Tetapi satu yang perlu digali lagi dari Pande Made adalah apakah dahulu di Tegal ada perkebunan teh? Apakah masyarakatnya ikut dalam tanam paksa? Apakah berada di tempat yang tinggi seperti Guci? Cerih? Kalau dahulu ada, berarti tanam paksa memang membentuk selera dan budaya "rasa" teh Tegal. Kaligua, kebun teh yang dahulu menjadi markas tentara Jepang itu bukan di Tegal melainkan di Bumiayu. Lebih dulu mana cita rasa teh Tegal atau Industri yang kemudian membentuk cita rasa teh Tegal?

Jepang berbudaya dalam teh ratusan tahun sehingga mengerti detail bagaimana sebuah teh dinamakan berdasar prosesnya. Yang dimaksud Pande teh kualitas tersebut adalah adalah teh hijau Kukicha, yakni teh yang dibuat asal-asalan dan iseng dengan mencampurkan sekalian batang-batangnya. Dalam perjalanan sejarah Teh yang bermula di China, lalu ke Jepang. Eropa mendengar ada barang bagus dan kemudian berminat. Mungkin karena Indonesia terjajah maka Hindia Belanda dijadikan alat produksinya dan buruh-buruh pun mendapat teh kualitas buruk.

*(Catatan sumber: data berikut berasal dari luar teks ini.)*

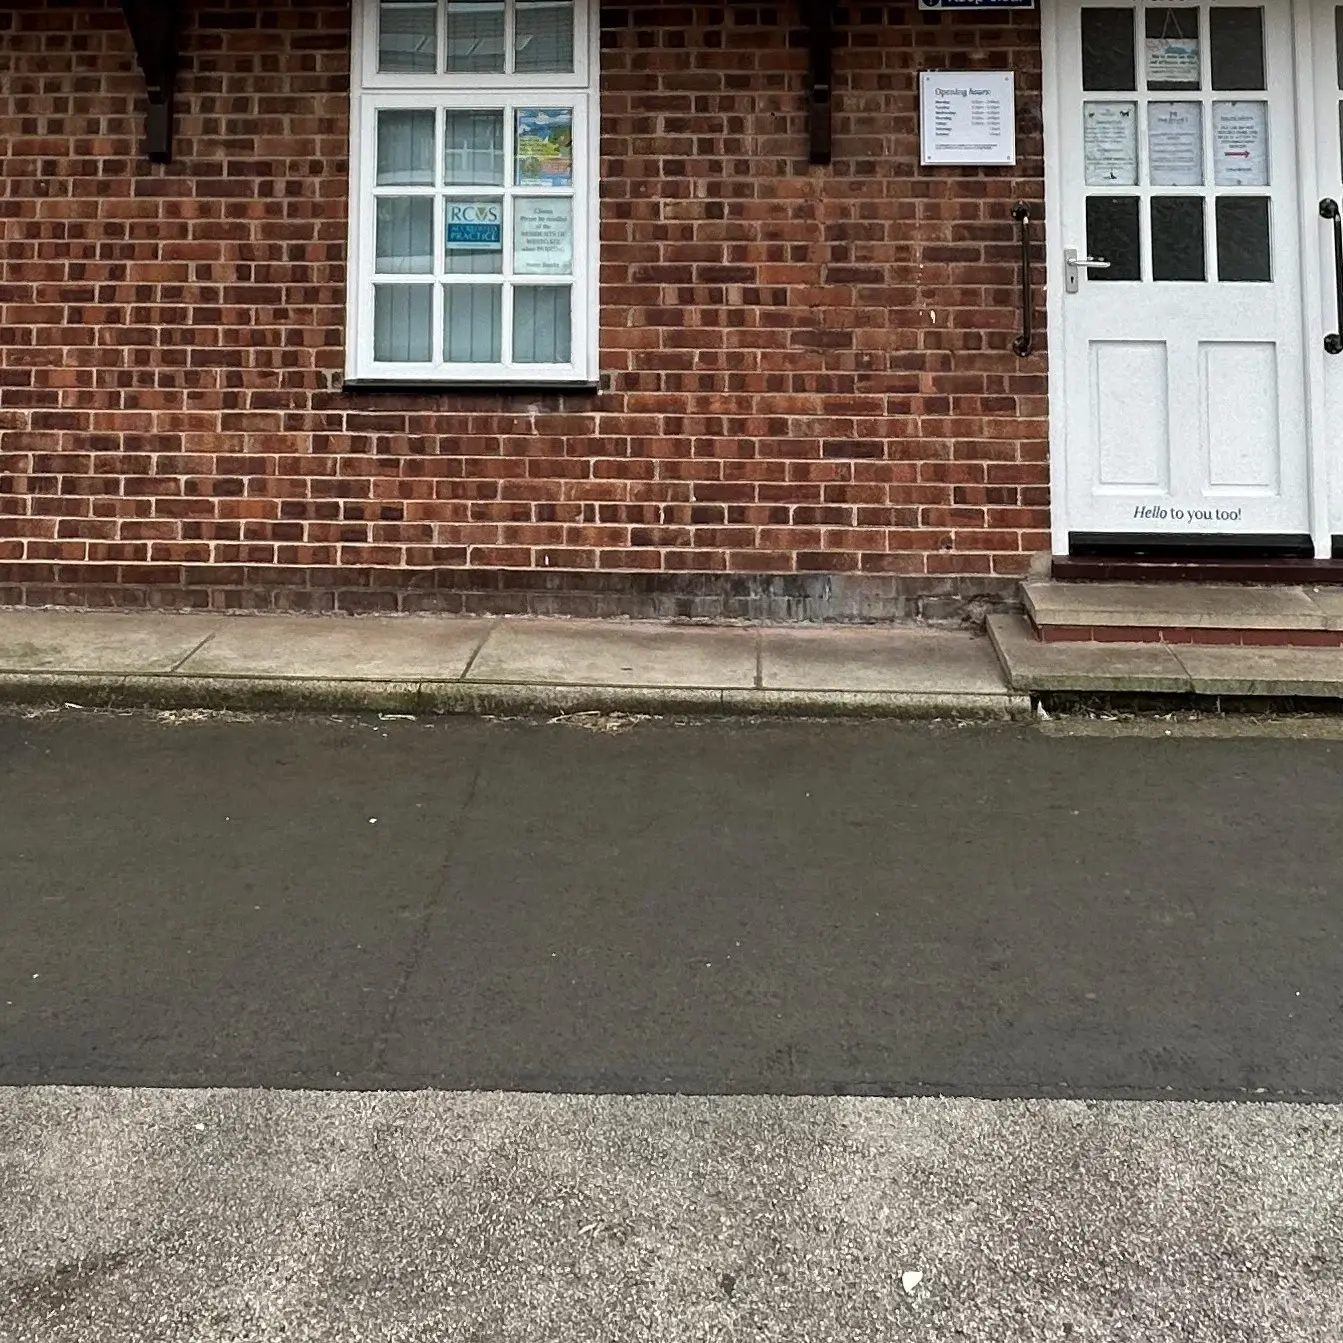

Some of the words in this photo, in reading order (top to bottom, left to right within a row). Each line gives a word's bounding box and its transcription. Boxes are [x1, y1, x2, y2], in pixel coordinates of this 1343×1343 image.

[934, 87, 968, 97] Opening
[451, 206, 498, 222] RCVS
[450, 232, 498, 241] PRACTICE
[1133, 505, 1168, 519] Hello
[1170, 508, 1184, 519] to
[1187, 510, 1213, 524] you
[1215, 508, 1242, 520] too!

Tetapi positifnya, sebagai bangsa besar, kita mampu mengolah penderitaan menjadi kebahagiaan. Teh yang buruk-buruk, rusak itu kita olah menjadi teh enak dicampur dengan bunga jati diri bangsa Indonesia: melati juga bunga gambir dan gula batu kemudian justru menjadi cita rasa legendaris. Seperti Jazz yang sekarang mewah tapi sebetulnya lahir dari derita kaum buruh. Orang Tegal memadukan cita rasa indah itu bersama poci tanah liat. Justru karena berbahan tanah kemudian cita rasa teh ini muncul meluap. Hingga saya sendiri pernah "terpaksa" menelusuri deretan  warung-warung Banjaran-Tembok mencari poci-poci seken/bekas karena disuruh teman mencarikan itu. Konon poci yang sudah digunakan bertahun-tahun itu punya rasa pekat yang dicari banyak orang.

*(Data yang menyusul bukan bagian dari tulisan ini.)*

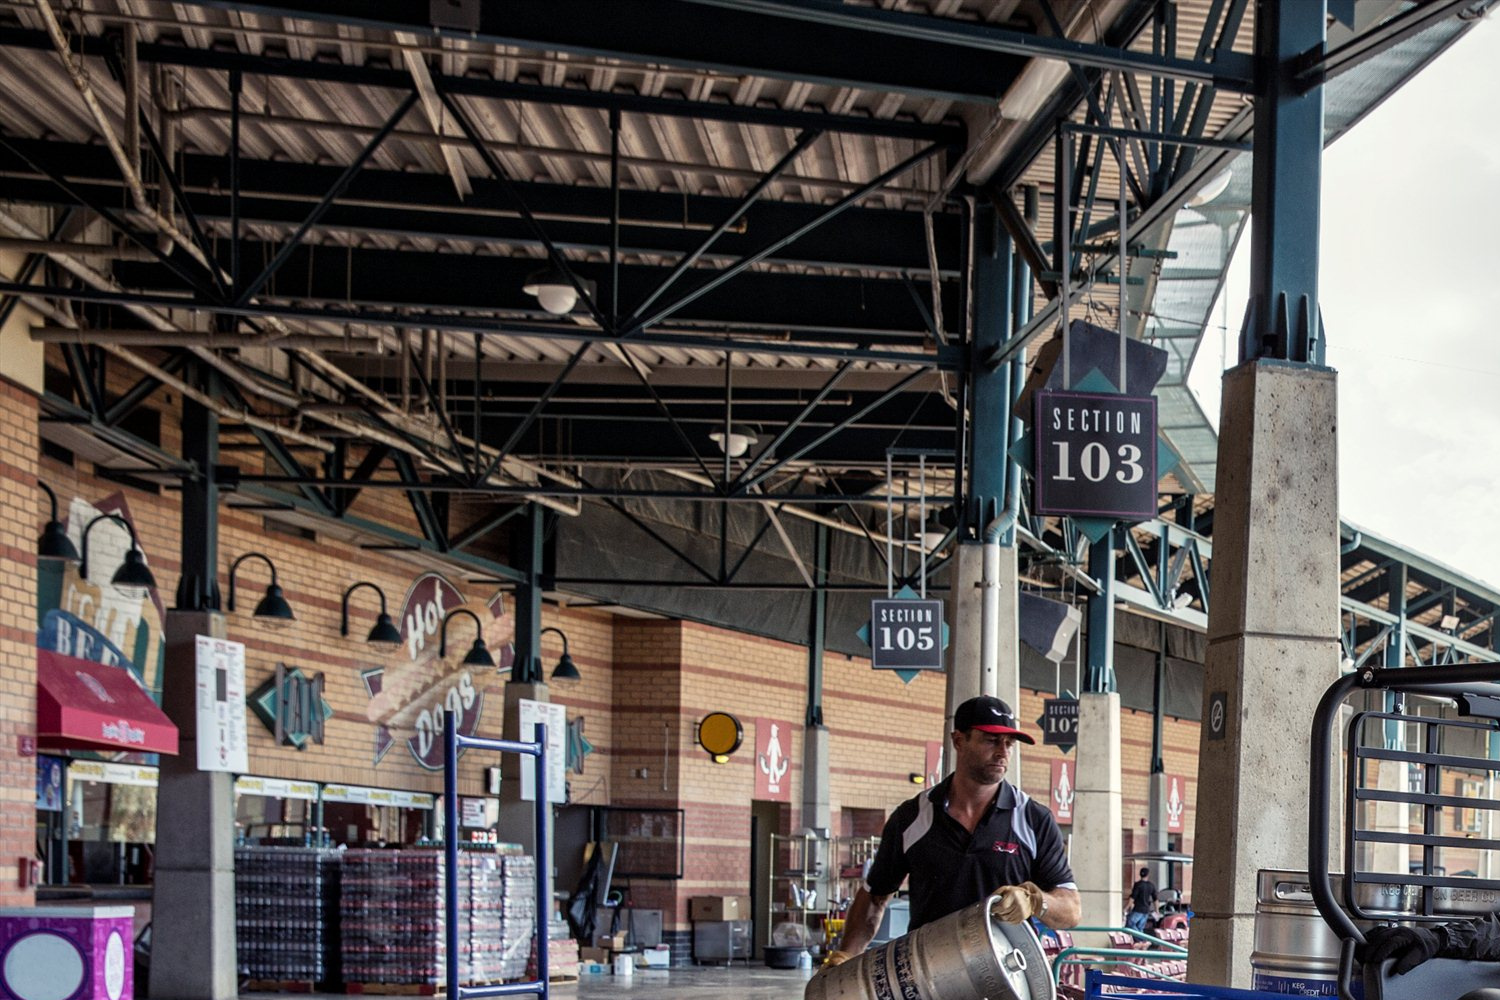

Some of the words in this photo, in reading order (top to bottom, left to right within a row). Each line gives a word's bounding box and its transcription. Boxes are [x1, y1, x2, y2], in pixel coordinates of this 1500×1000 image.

[1053, 408, 1140, 434] SECTION
[1052, 442, 1144, 484] 103
[881, 609, 932, 622] SECTION
[880, 626, 934, 650] 105
[1049, 717, 1078, 733] 107
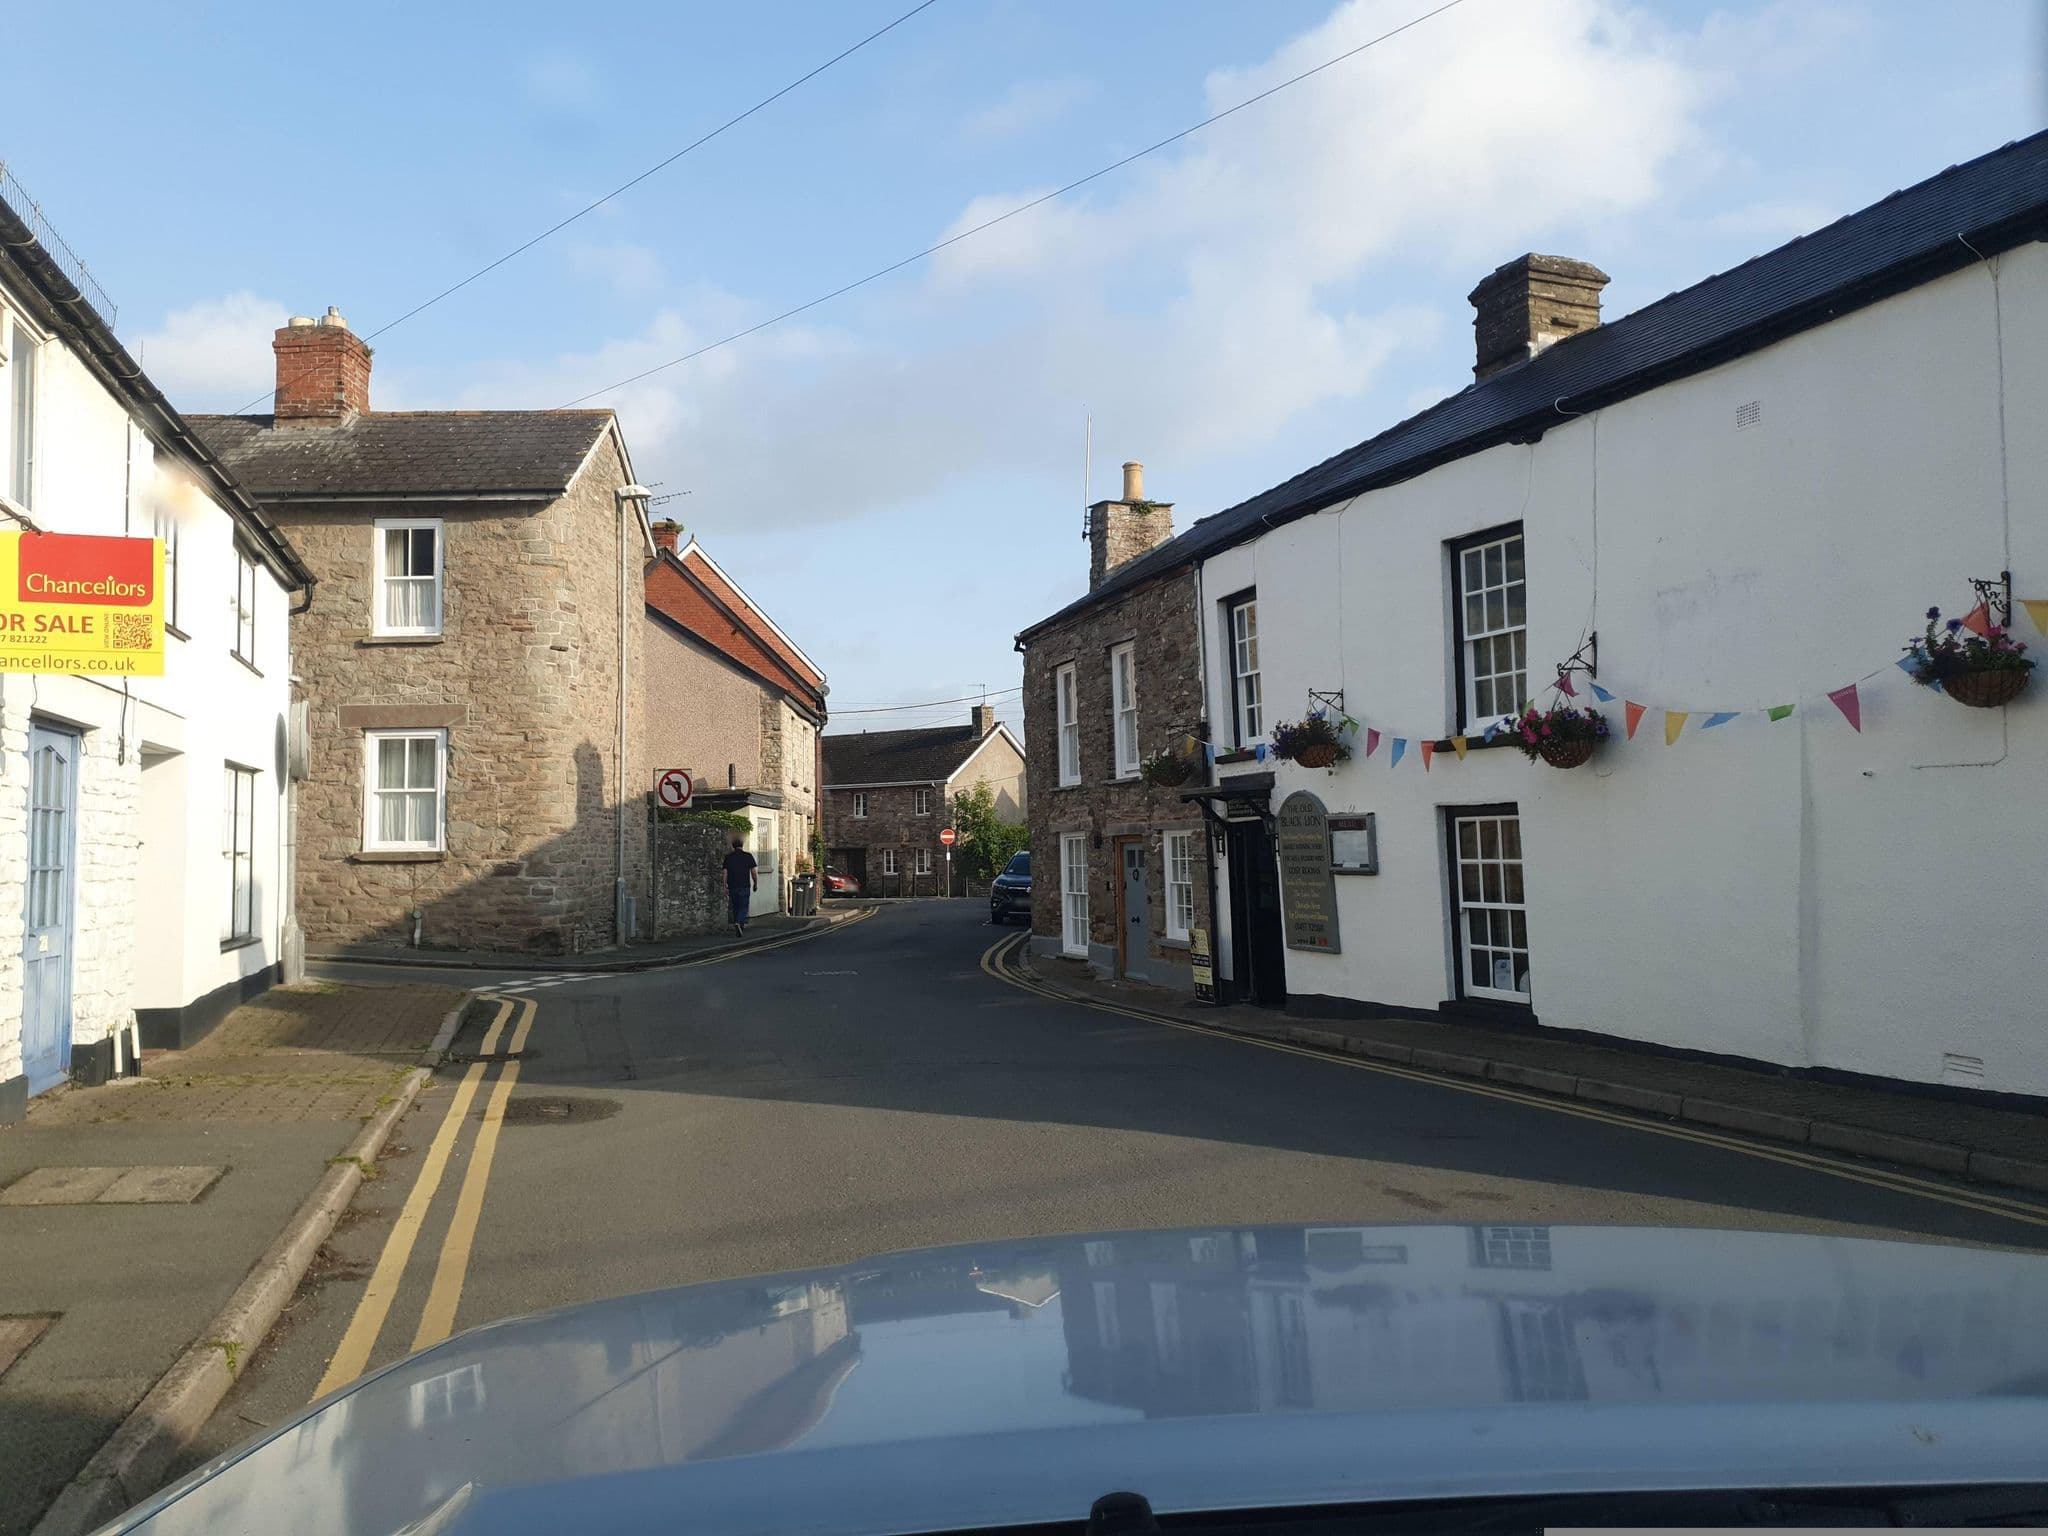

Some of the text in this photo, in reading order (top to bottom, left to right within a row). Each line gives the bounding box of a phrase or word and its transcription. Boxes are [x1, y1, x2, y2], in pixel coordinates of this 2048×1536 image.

[26, 573, 146, 597] Chancellors
[34, 614, 94, 634] SALE
[10, 635, 47, 644] 821222

Kembali fokus ke judul yang sebenarnya saya posisikan sekunder dari bagian besar budaya teh beserta komersialisasinya. "Gari siji" lahir dari aktivitas moci dan memakan jajan, dimana saat waktu medang sudah hampir selesai dan jajannya tinggal satu di bungkusan atau di piring. Jajan itu bisa berupa mendoan, gorengan, buah atau apapun yang menjadi teman ngeteh. Moci dan silaturrohim banyak menghasilkan keluhuran, kebersamaan, dan hidup menjadi rileks dari problema-problema ruwet.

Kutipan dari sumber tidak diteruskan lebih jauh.